*** SOURCE MATERIAL ***

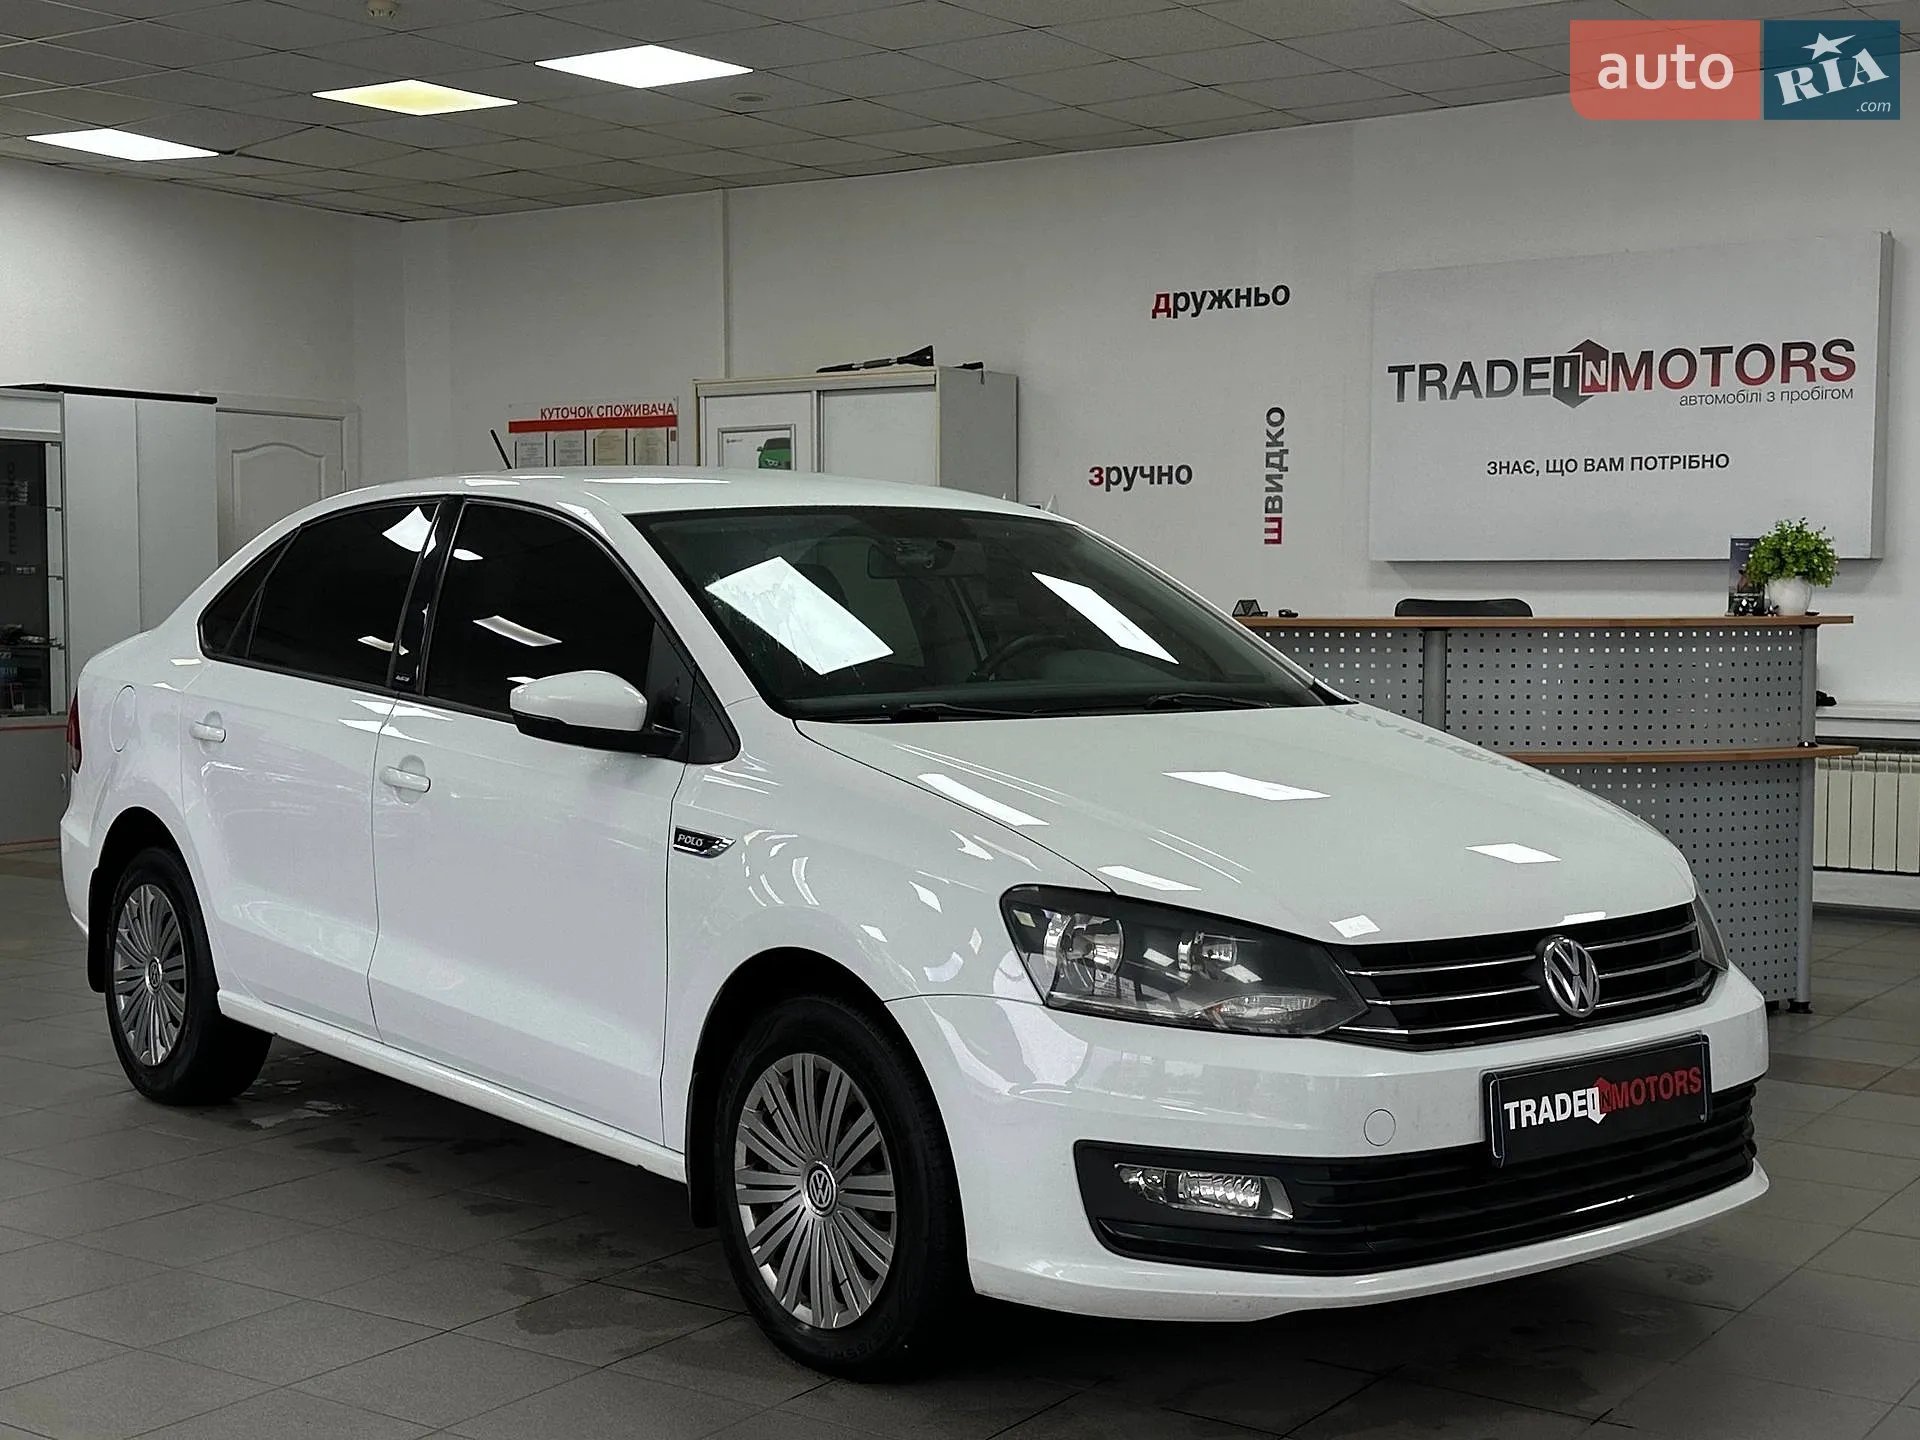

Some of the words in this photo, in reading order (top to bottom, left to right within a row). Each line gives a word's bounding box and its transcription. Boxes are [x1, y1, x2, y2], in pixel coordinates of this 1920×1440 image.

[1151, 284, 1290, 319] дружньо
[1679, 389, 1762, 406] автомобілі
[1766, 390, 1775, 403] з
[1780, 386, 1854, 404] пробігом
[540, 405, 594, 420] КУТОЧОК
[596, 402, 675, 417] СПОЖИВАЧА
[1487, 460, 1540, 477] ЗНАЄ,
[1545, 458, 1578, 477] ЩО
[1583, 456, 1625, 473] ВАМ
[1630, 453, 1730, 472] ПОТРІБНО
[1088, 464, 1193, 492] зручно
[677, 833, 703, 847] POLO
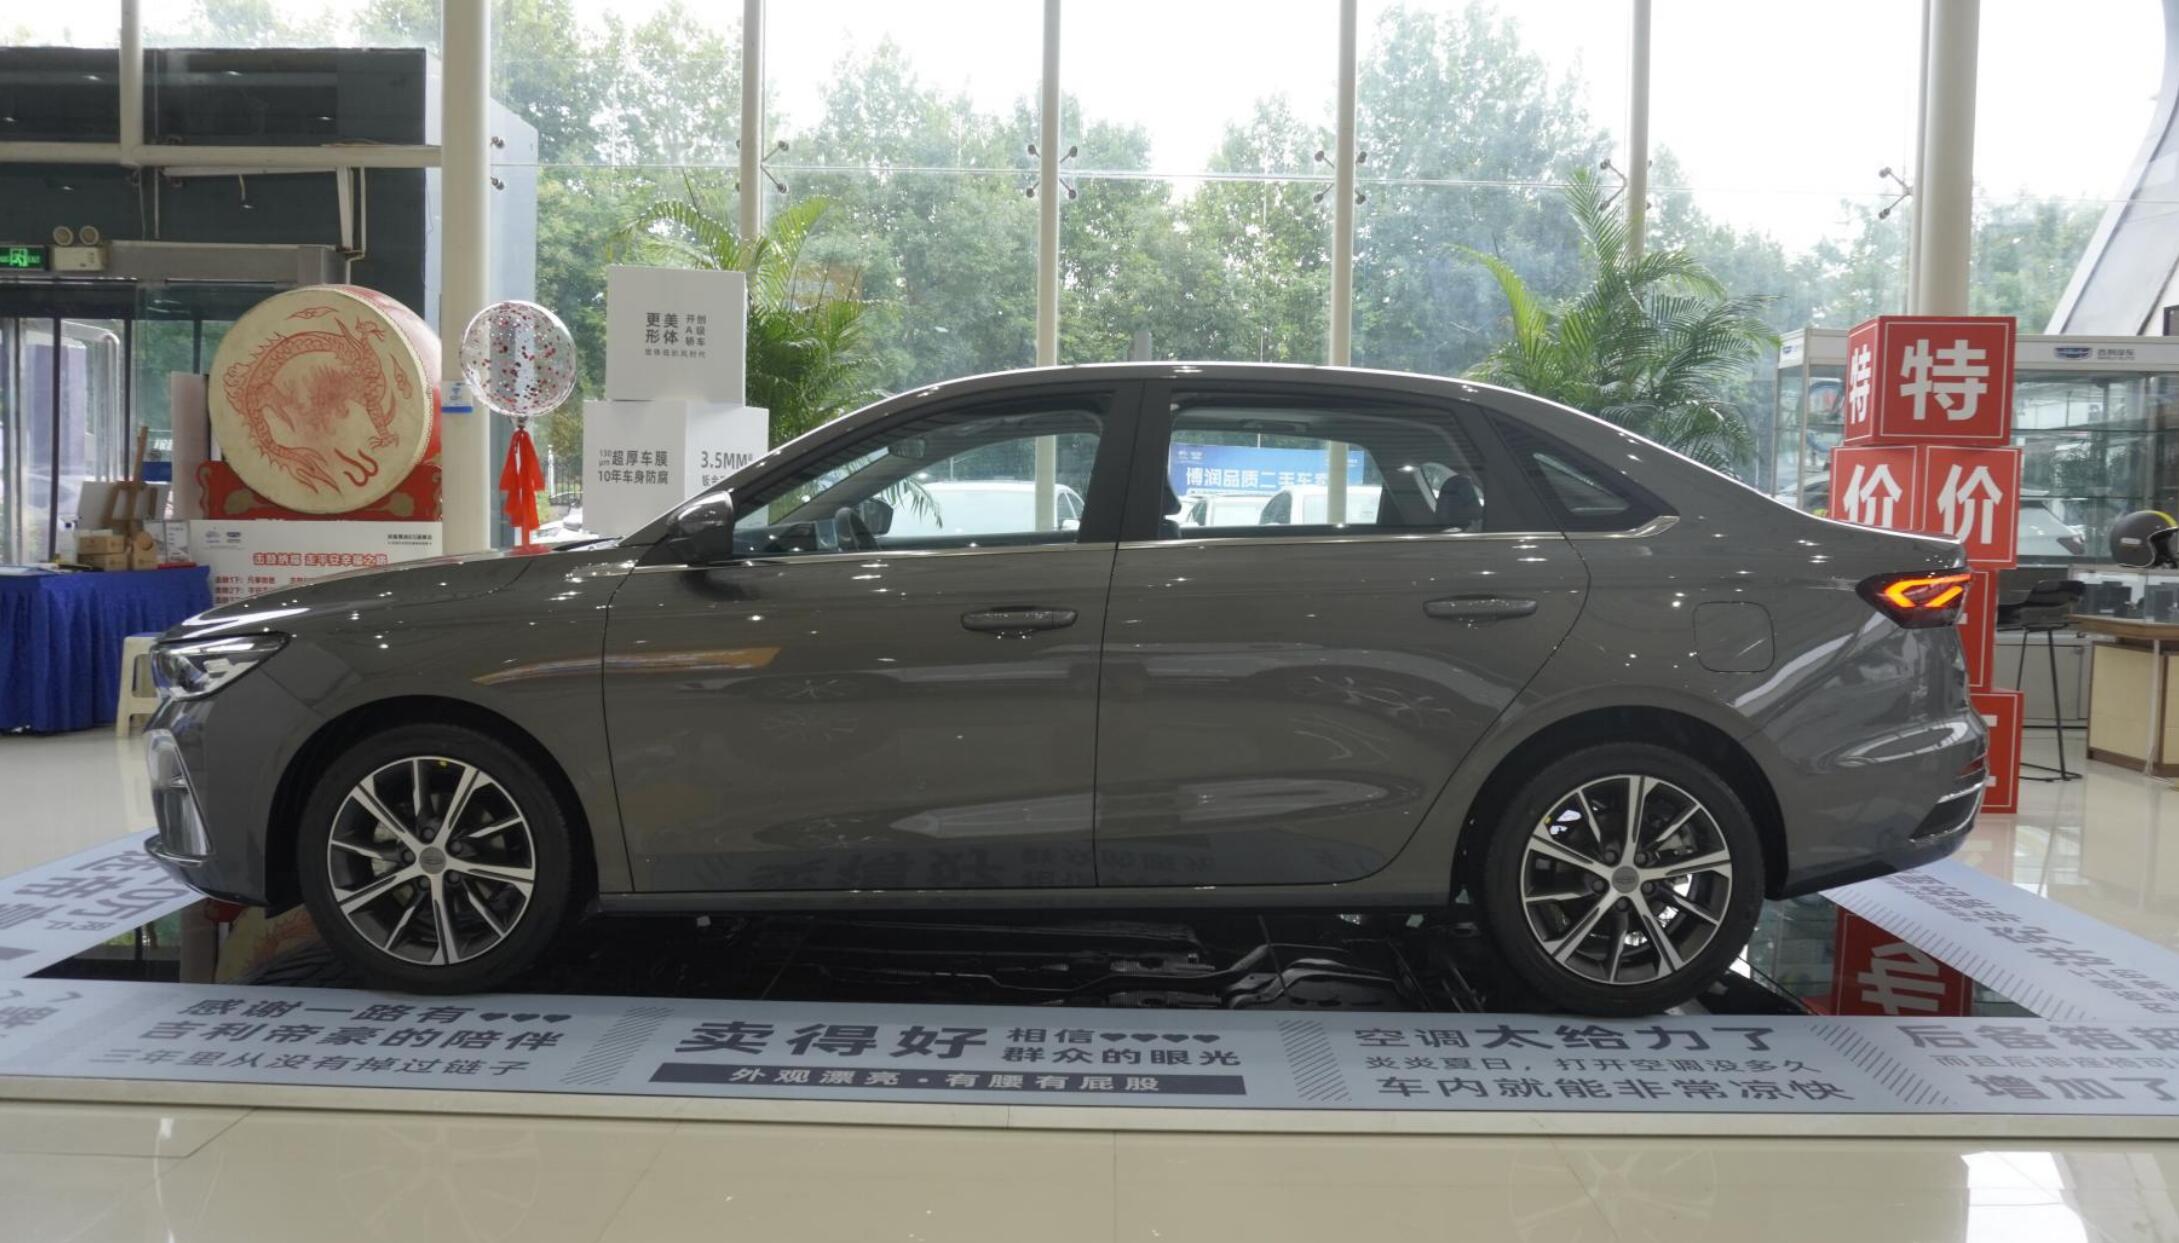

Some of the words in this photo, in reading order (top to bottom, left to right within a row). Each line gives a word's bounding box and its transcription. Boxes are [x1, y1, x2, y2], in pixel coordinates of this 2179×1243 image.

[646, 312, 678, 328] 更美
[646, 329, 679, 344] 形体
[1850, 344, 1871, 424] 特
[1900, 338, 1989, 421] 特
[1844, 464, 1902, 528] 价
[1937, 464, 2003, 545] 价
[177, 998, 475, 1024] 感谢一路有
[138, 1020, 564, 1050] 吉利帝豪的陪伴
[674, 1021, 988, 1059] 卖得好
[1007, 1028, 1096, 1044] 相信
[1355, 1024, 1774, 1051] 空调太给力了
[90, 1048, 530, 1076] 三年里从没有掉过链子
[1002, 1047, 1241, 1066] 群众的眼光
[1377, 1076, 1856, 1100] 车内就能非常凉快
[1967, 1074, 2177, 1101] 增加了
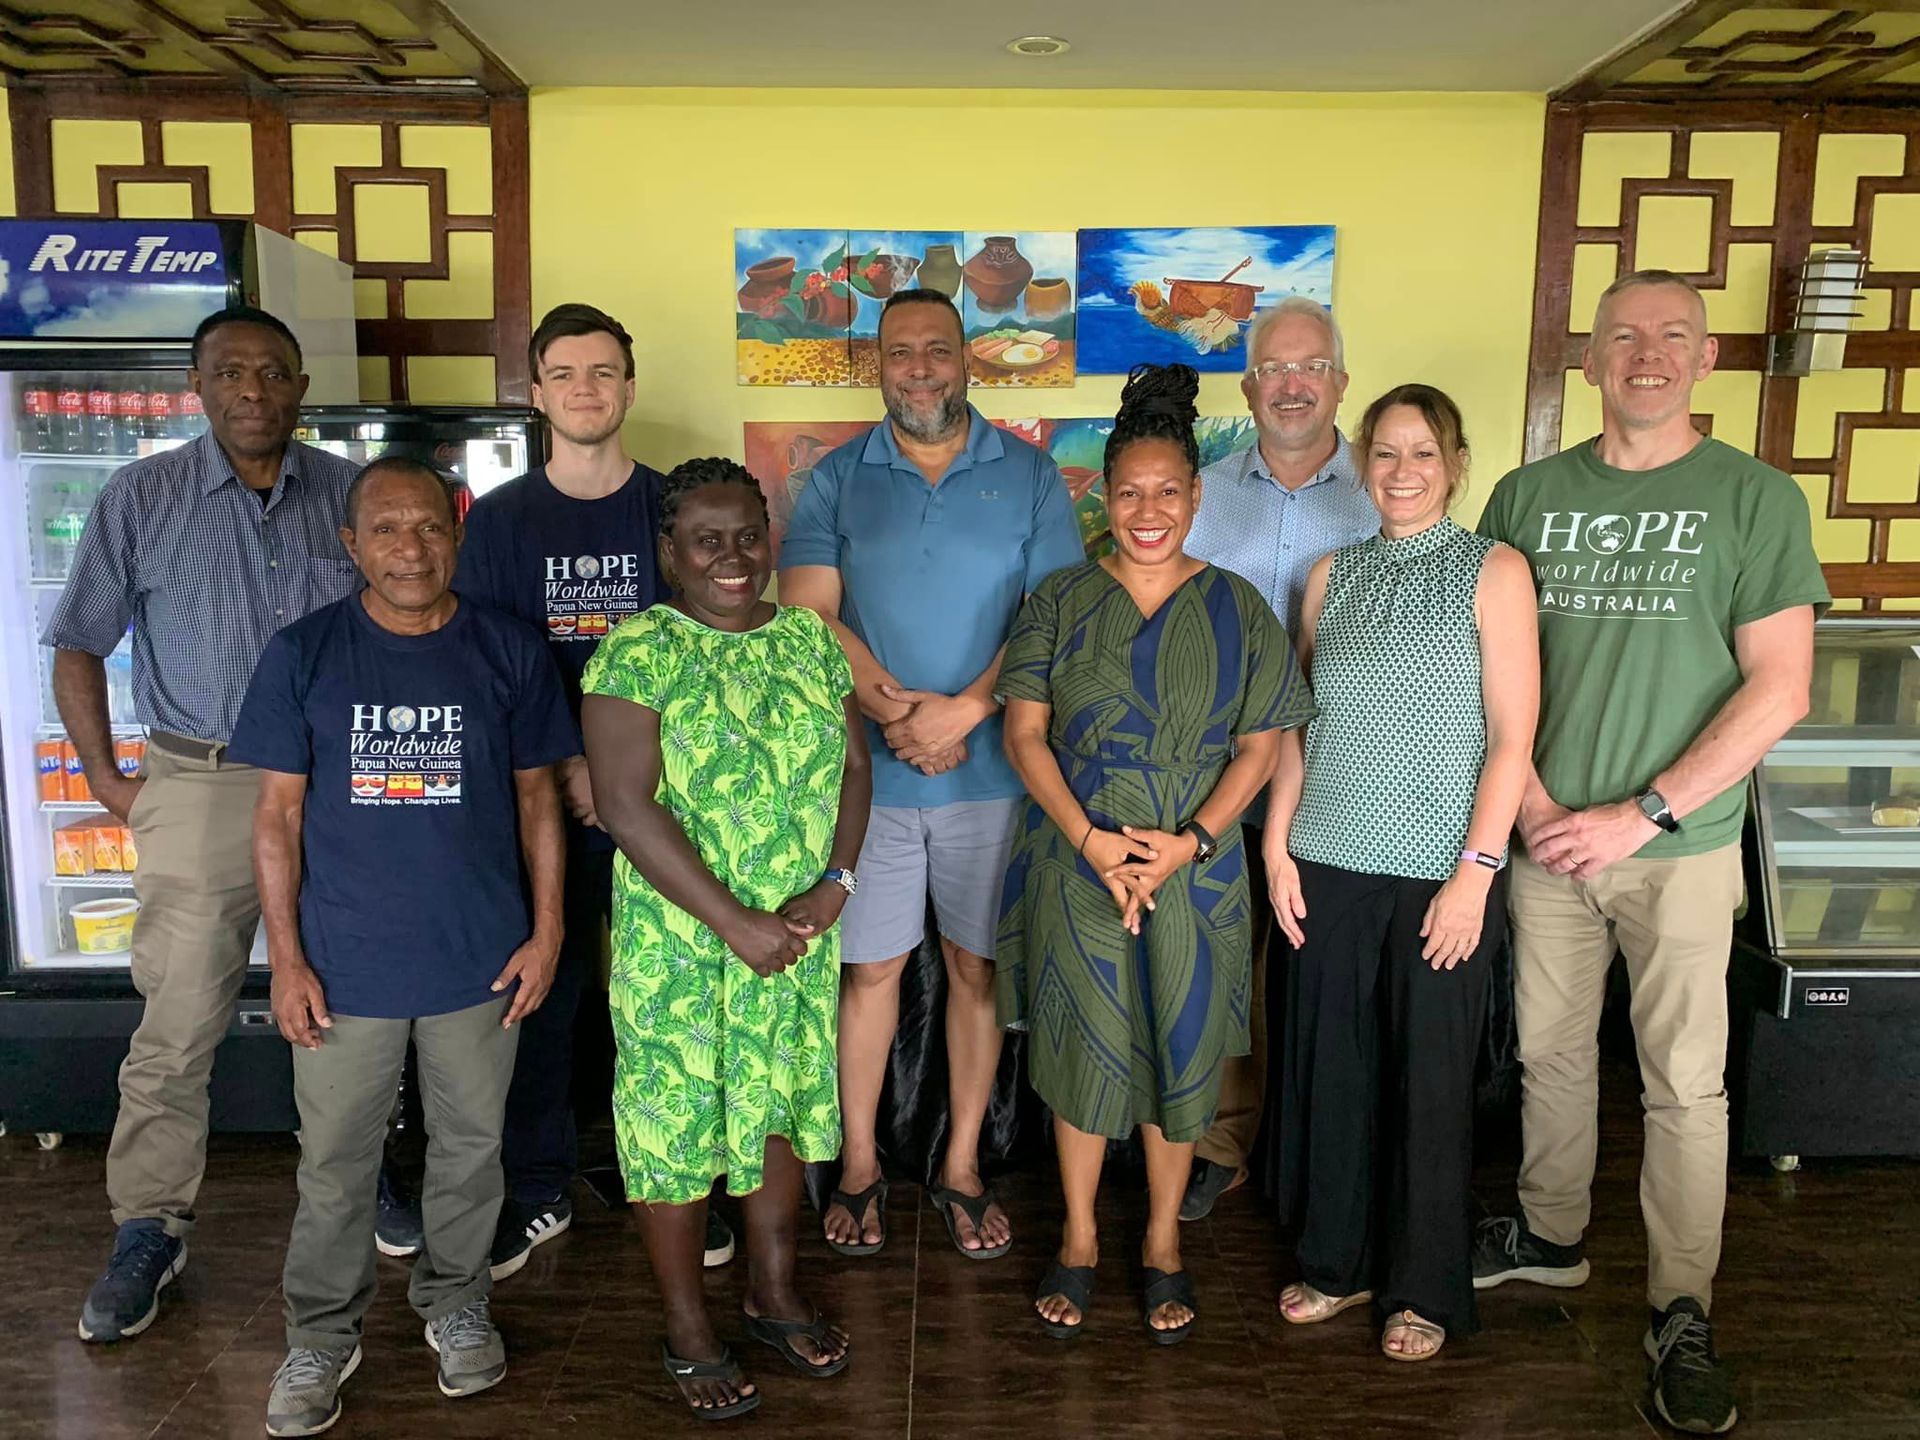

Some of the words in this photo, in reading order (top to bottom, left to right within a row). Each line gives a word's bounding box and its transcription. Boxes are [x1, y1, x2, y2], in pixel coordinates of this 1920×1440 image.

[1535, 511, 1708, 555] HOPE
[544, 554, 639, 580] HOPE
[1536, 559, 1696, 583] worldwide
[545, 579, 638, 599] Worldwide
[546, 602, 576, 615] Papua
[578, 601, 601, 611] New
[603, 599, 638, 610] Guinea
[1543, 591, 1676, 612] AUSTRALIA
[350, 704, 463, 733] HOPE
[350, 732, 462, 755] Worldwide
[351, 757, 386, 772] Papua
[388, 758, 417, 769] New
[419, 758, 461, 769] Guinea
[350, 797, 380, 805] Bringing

*** End of SOURCE MATERIAL ***

WHAT IS NEEDED – Starting with the line that has "this 2179×1243 image." and ending with the last line of the records, retype every line exactly and only those lines. Do not include the pictures.

RESPONSE FOR THIS EXERCISE –
Some of the words in this photo, in reading order (top to bottom, left to right within a row). Each line gives a word's bounding box and its transcription. Boxes are [x1, y1, x2, y2], in pixel coordinates of this 2179×1243 image.

[646, 312, 678, 328] 更美
[646, 329, 679, 344] 形体
[1850, 344, 1871, 424] 特
[1900, 338, 1989, 421] 特
[1844, 464, 1902, 528] 价
[1937, 464, 2003, 545] 价
[177, 998, 475, 1024] 感谢一路有
[138, 1020, 564, 1050] 吉利帝豪的陪伴
[674, 1021, 988, 1059] 卖得好
[1007, 1028, 1096, 1044] 相信
[1355, 1024, 1774, 1051] 空调太给力了
[90, 1048, 530, 1076] 三年里从没有掉过链子
[1002, 1047, 1241, 1066] 群众的眼光
[1377, 1076, 1856, 1100] 车内就能非常凉快
[1967, 1074, 2177, 1101] 增加了

Some of the words in this photo, in reading order (top to bottom, left to right within a row). Each line gives a word's bounding box and its transcription. Boxes are [x1, y1, x2, y2], in pixel coordinates of this 1920×1440 image.

[1535, 511, 1708, 555] HOPE
[544, 554, 639, 580] HOPE
[1536, 559, 1696, 583] worldwide
[545, 579, 638, 599] Worldwide
[546, 602, 576, 615] Papua
[578, 601, 601, 611] New
[603, 599, 638, 610] Guinea
[1543, 591, 1676, 612] AUSTRALIA
[350, 704, 463, 733] HOPE
[350, 732, 462, 755] Worldwide
[351, 757, 386, 772] Papua
[388, 758, 417, 769] New
[419, 758, 461, 769] Guinea
[350, 797, 380, 805] Bringing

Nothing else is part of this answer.